EEG can be used to detect the presence and localization of seizure activity.

Treatment of the process caused by the Coxsackie virus

There is no specific treatment for this typically self-limiting disease (symptoms resolve without specific antiviral treatment in about two to ten days). Symptomatic treatment with paracetamol, which reduces fever, is now recommended. Mouthwashes and sprays can help reduce mouth discomfort. Avoiding dehydration is also recommended, but sour juices will irritate mouth sores and cold milk will provide some relief.

Relatively rare complications of VC affecting the heart and brain require special individual treatment (it is possible to use human immunoglobulin or specific antiviral drugs, although such treatment is rare and has not yet proven its safety and effectiveness in serious diseases).

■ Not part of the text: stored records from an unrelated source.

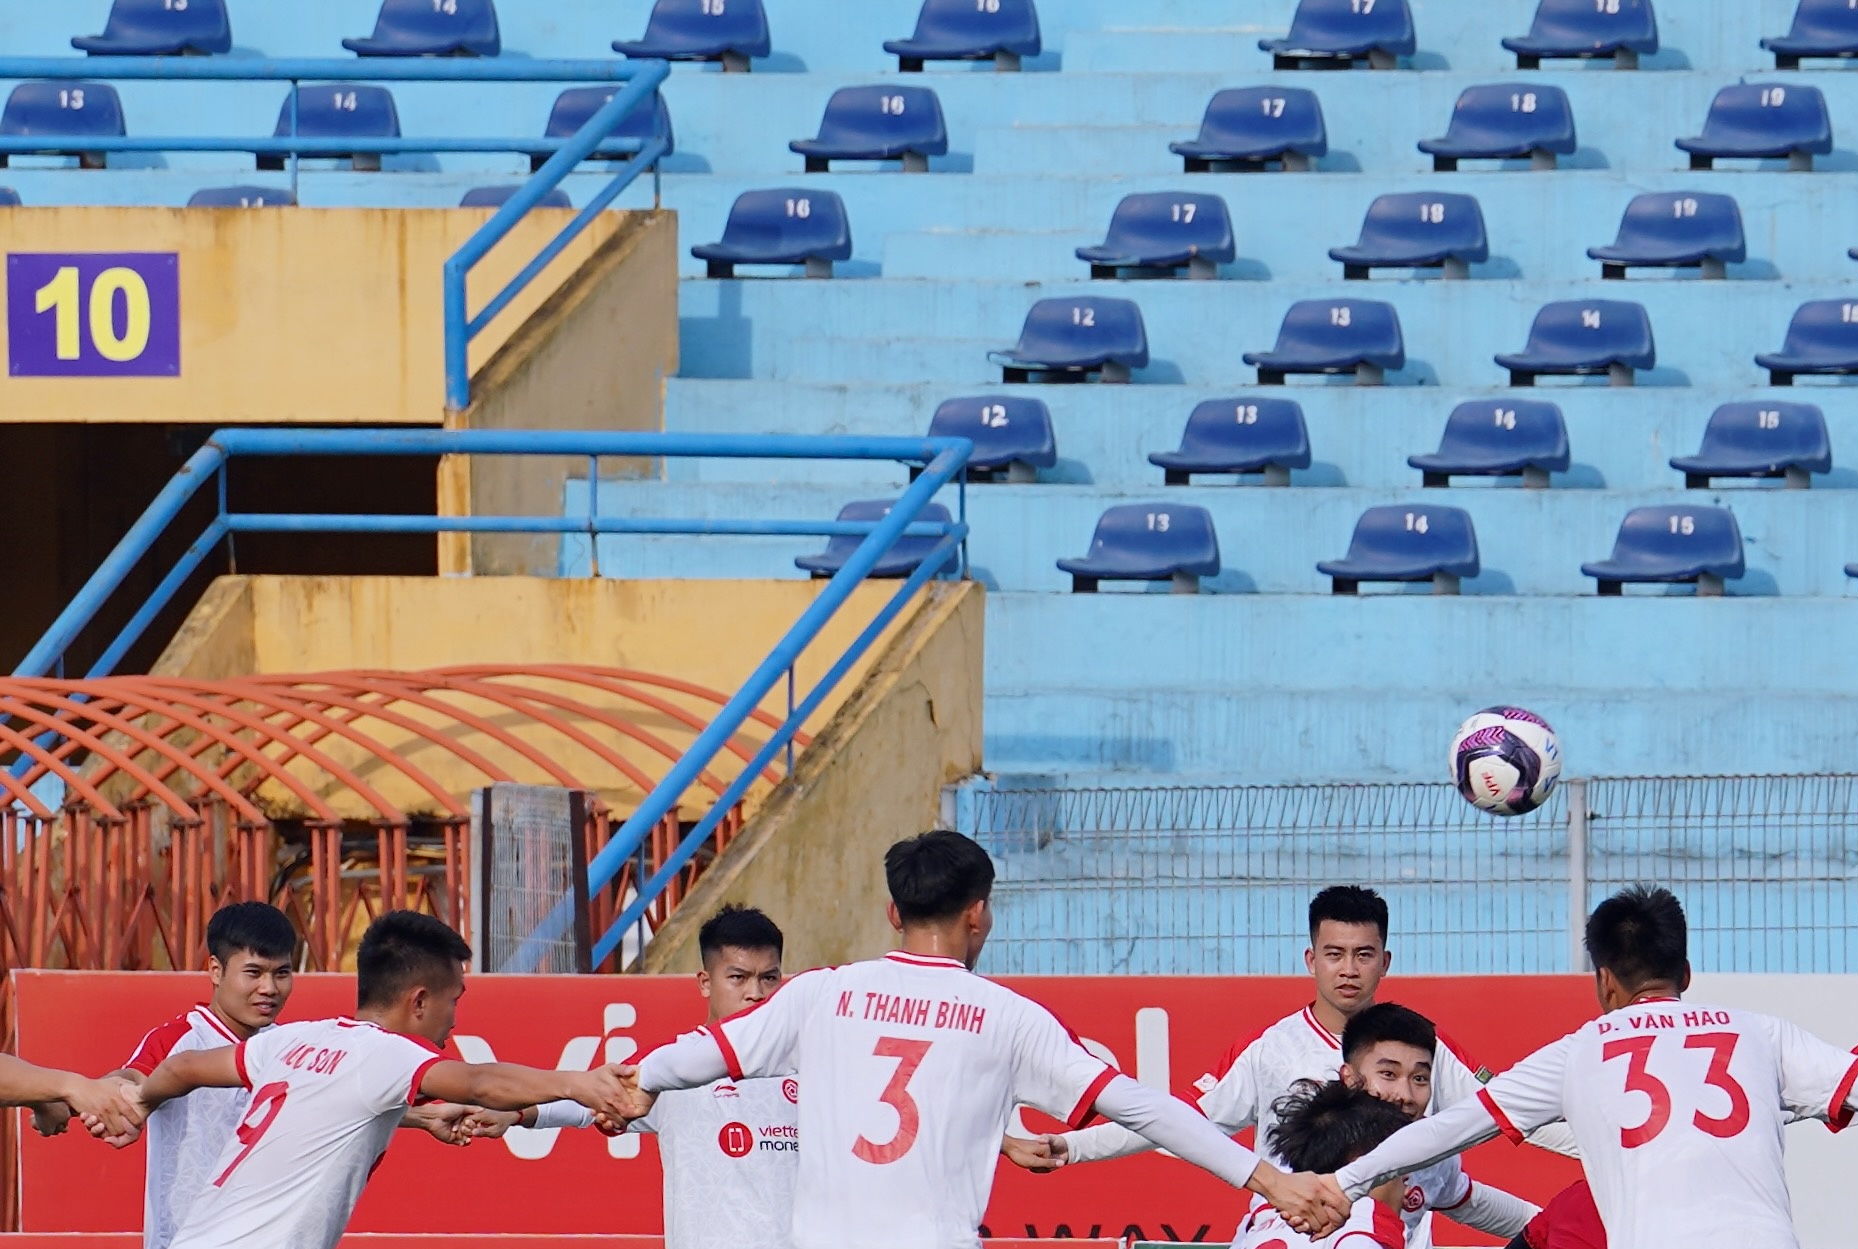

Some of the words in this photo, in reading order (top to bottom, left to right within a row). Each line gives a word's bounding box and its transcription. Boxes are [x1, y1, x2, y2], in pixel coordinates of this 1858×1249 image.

[59, 89, 84, 109] 13
[333, 91, 357, 111] 14
[881, 95, 905, 114] 16
[1511, 93, 1536, 112] 18
[1761, 87, 1785, 106] 19
[1262, 98, 1286, 118] 17
[786, 198, 810, 218] 16
[1172, 203, 1196, 223] 17
[1420, 203, 1445, 223] 18
[1673, 198, 1698, 217] 19
[36, 267, 150, 361] 10
[1072, 307, 1095, 326] 12
[1330, 307, 1351, 326] 13
[1581, 309, 1600, 328] 14
[981, 404, 1007, 427] 12
[1236, 405, 1258, 424] 13
[1494, 408, 1516, 430] 14
[1147, 513, 1170, 531] 13
[1405, 512, 1429, 534] 14
[1669, 515, 1695, 535] 15
[836, 991, 854, 1018] N.
[863, 992, 931, 1027] THANH
[934, 995, 986, 1034] BÌNH
[851, 1036, 934, 1165] 3
[1602, 1032, 1750, 1149] 33
[212, 1081, 290, 1188] 9
[759, 1124, 798, 1139] viette
[760, 1140, 799, 1152] mone

Complications of infection

Complications of aseptic meningitis include:

  • lethargy;
  • convulsions;
  • to whom;
  • movement disorders (5-10%).

Complications of myopericarditis include:

  • effusion (abnormal accumulation of fluid) in the pericardium;
  • arrhythmia (violation of the rhythm of the heart);
  • heart block (pathology of the passage of an excitation wave from the atria to the ventricles);
  • valve dysfunction;
  • dilated cardiomyopathy (stretching of the heart cavities).

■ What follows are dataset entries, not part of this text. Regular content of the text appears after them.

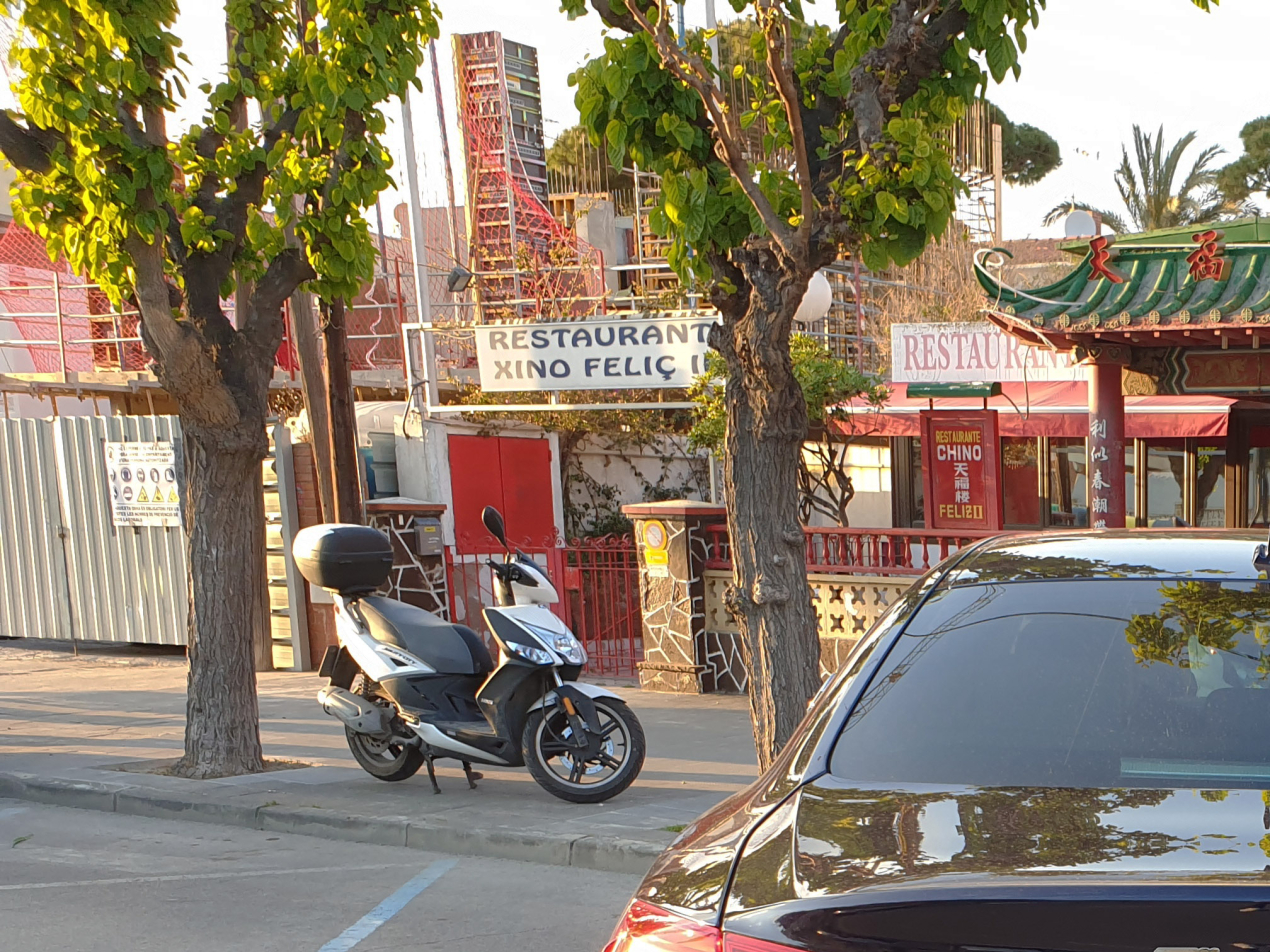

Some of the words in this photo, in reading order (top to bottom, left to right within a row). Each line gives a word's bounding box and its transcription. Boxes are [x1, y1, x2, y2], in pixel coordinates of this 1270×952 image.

[488, 323, 712, 350] RESTAURANT
[903, 332, 1090, 371] RESTAURAN
[494, 359, 571, 380] XINO
[584, 355, 676, 381] FELIÇ
[935, 430, 981, 444] RESTAURANTE
[936, 444, 983, 461] CHINO
[953, 462, 971, 504] 天福楼
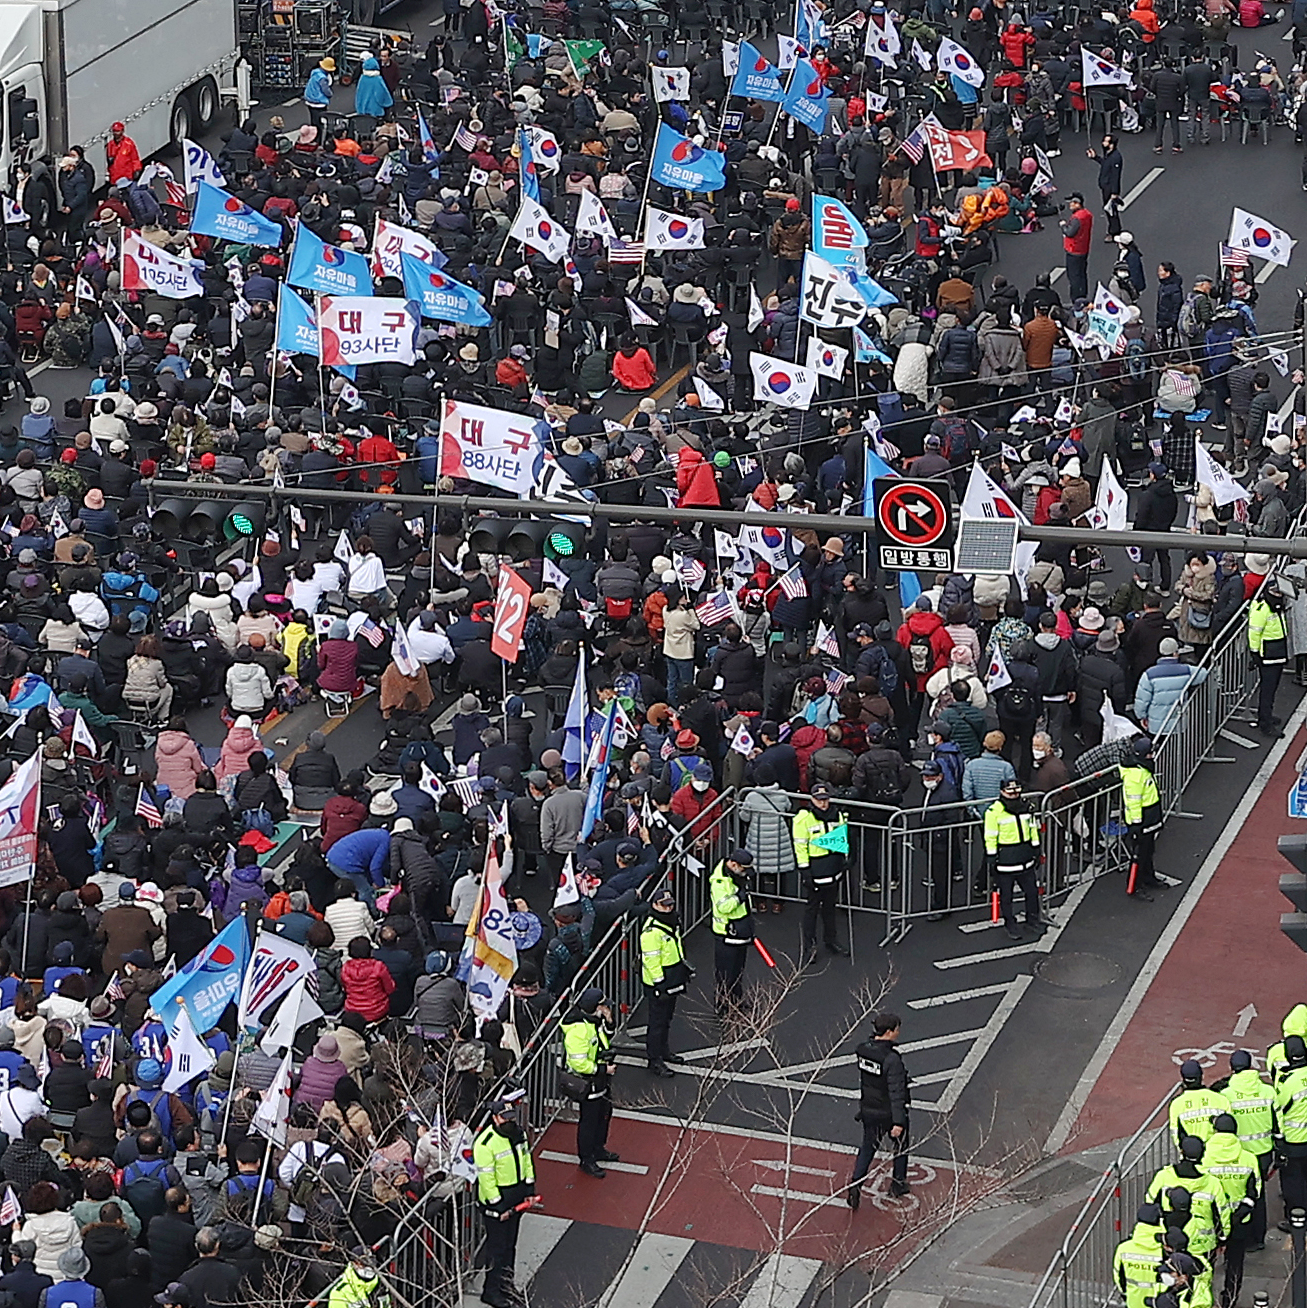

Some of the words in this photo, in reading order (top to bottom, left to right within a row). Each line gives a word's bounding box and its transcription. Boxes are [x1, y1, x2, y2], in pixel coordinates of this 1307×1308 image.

[746, 74, 780, 91] 자유마을
[661, 163, 704, 185] 자유마을
[214, 212, 260, 234] 자유마을
[141, 265, 188, 291] 105사단
[313, 264, 357, 286] 자유마을
[422, 290, 469, 312] 자유마을
[338, 310, 406, 334] 대구
[340, 335, 401, 355] 93사단
[461, 417, 532, 456] 대구
[462, 450, 522, 481] 88사단
[884, 549, 947, 567] 일방통행

Rare complications of acute hemorrhagic conjunctivitis include keratitis (inflammation of the cornea of ​​the eye) and motor paralysis.

Prevention.

VK prevention is difficult, but possible. In children, adhering to strict hygiene precautions is practically difficult, but following simple rules (washing hands after changing diapers and touching infected skin) by adults will reduce the transmission of the virus to other family members.

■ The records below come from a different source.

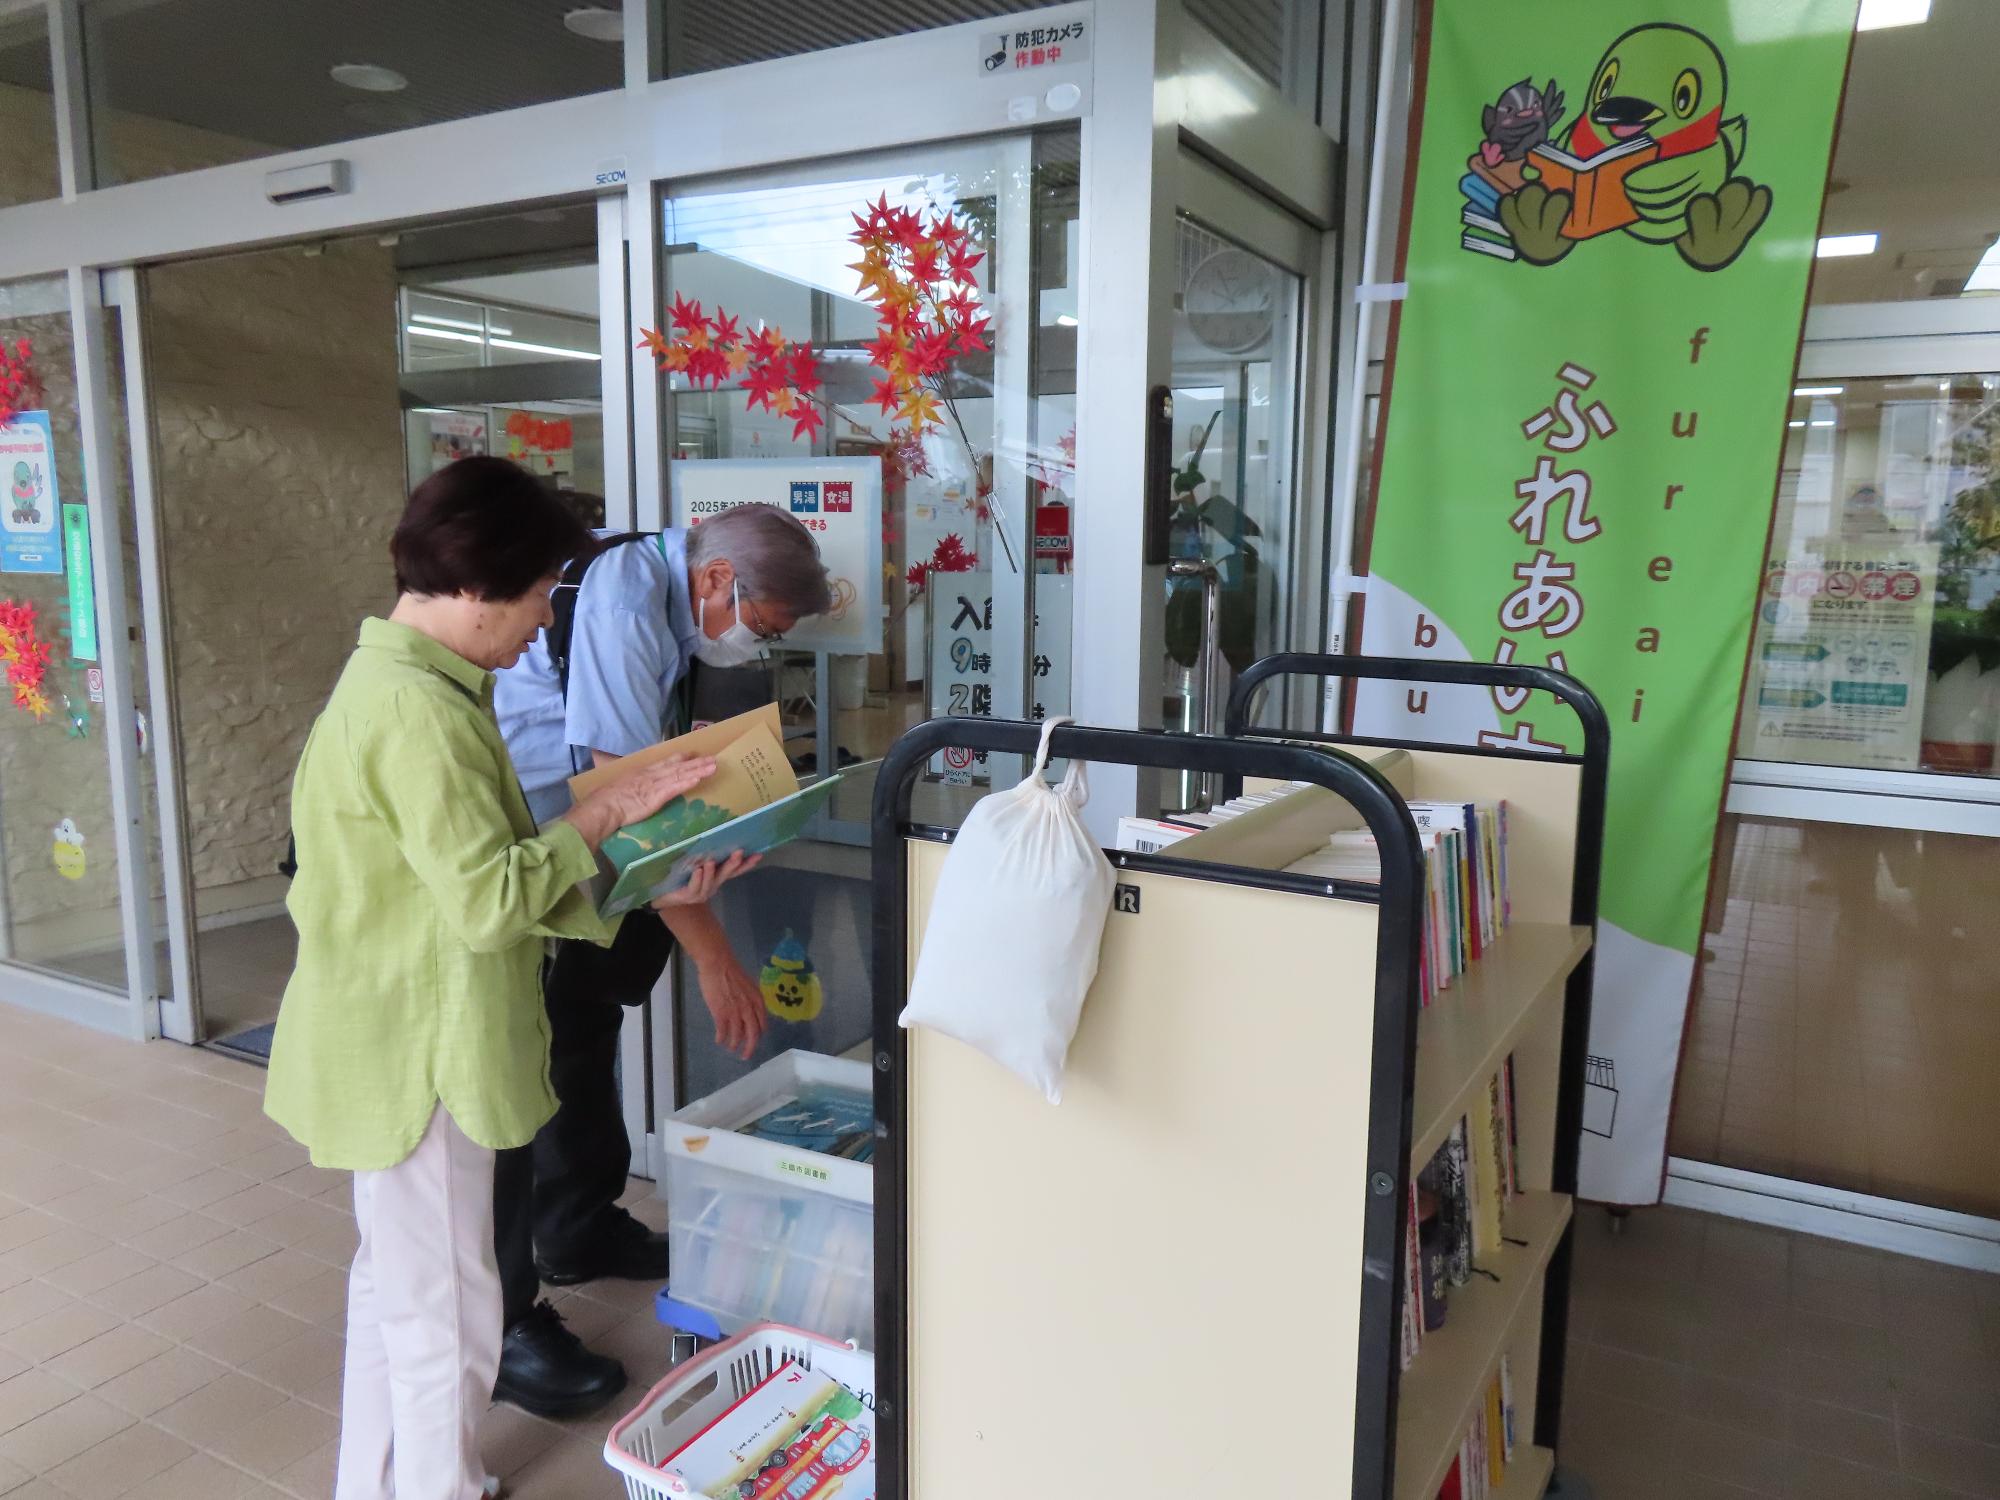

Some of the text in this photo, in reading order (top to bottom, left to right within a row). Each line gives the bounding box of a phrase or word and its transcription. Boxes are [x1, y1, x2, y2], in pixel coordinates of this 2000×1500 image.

[1015, 22, 1084, 50] 防犯カメラ
[1015, 45, 1062, 69] 作動中
[596, 169, 626, 185] SECOM
[792, 490, 850, 505] 男湯 女湯
[1631, 326, 1710, 723] fureai

Regular cleaning of items that children come into contact with (toys, pacifiers, and anything they might put in their mouth) can also reduce transmission of the virus.

In general, hand washing is the best prevention method.

Pregnant women should avoid contact with infected people. Some studies suggest that VC can cause defects in fetal development.

Infection with VC makes a person immune to re-infection with a virus of the same type. For example, a person may become immune to B4 VK but still be susceptible to all other types of virus.

Conclusion

VK is distributed all over the world. VK infection occurs in all age groups, but is more common in young children and infants. The baby is at a higher risk of infection during the first year of life. The incidence rate drops significantly after the first decade.

Patients should be clearly aware of the need for hygiene to avoid transmission of infection.

Watch the video: Stomatitis Oral Mucositis Pediatric Infectious Diseases. Lecturio (July 2024).